An exact copy of the data is required, with no pictures in it.

:: Data supplied ::
# # #
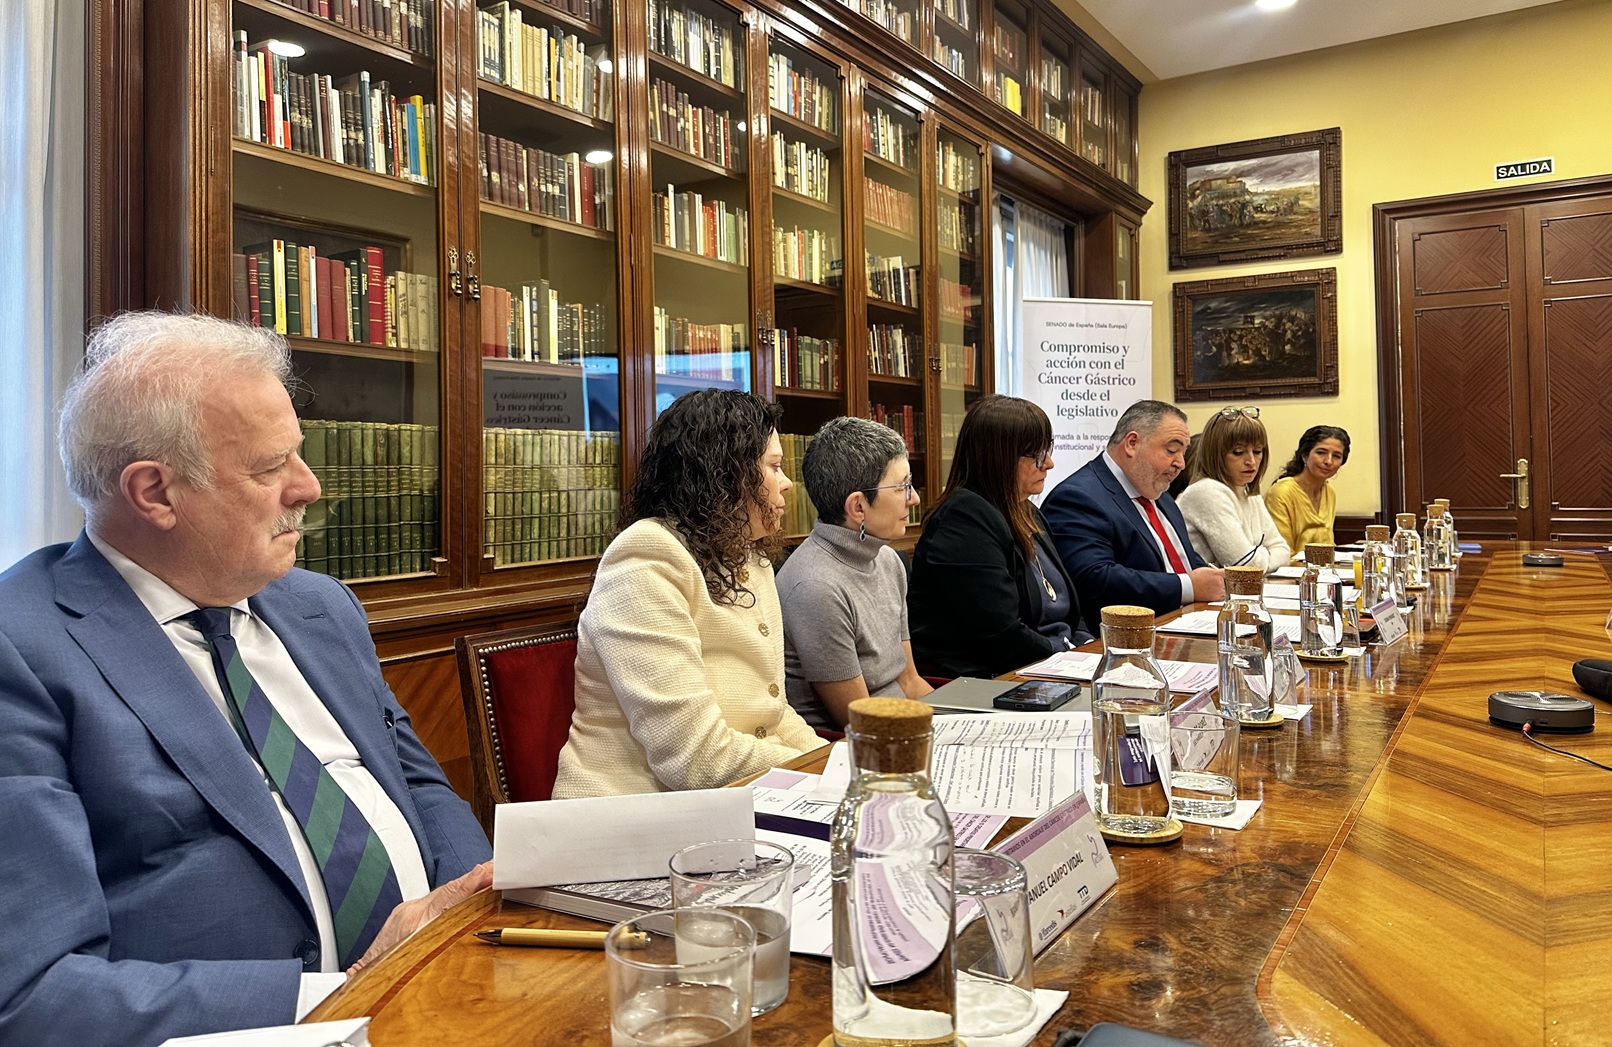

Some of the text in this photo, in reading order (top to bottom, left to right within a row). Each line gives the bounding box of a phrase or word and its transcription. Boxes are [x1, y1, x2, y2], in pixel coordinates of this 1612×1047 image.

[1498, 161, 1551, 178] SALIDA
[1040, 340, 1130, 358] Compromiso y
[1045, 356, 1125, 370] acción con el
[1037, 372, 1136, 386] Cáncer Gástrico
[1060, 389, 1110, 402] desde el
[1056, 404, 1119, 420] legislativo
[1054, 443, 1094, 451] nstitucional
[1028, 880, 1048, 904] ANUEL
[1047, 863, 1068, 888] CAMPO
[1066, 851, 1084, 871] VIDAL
# # #
:: Completed task ::
Some of the text in this photo, in reading order (top to bottom, left to right within a row). Each line gives the bounding box of a phrase or word and its transcription. Boxes are [x1, y1, x2, y2], in pixel coordinates of this 1612×1047 image.

[1498, 161, 1551, 178] SALIDA
[1040, 340, 1130, 358] Compromiso y
[1045, 356, 1125, 370] acción con el
[1037, 372, 1136, 386] Cáncer Gástrico
[1060, 389, 1110, 402] desde el
[1056, 404, 1119, 420] legislativo
[1054, 443, 1094, 451] nstitucional
[1028, 880, 1048, 904] ANUEL
[1047, 863, 1068, 888] CAMPO
[1066, 851, 1084, 871] VIDAL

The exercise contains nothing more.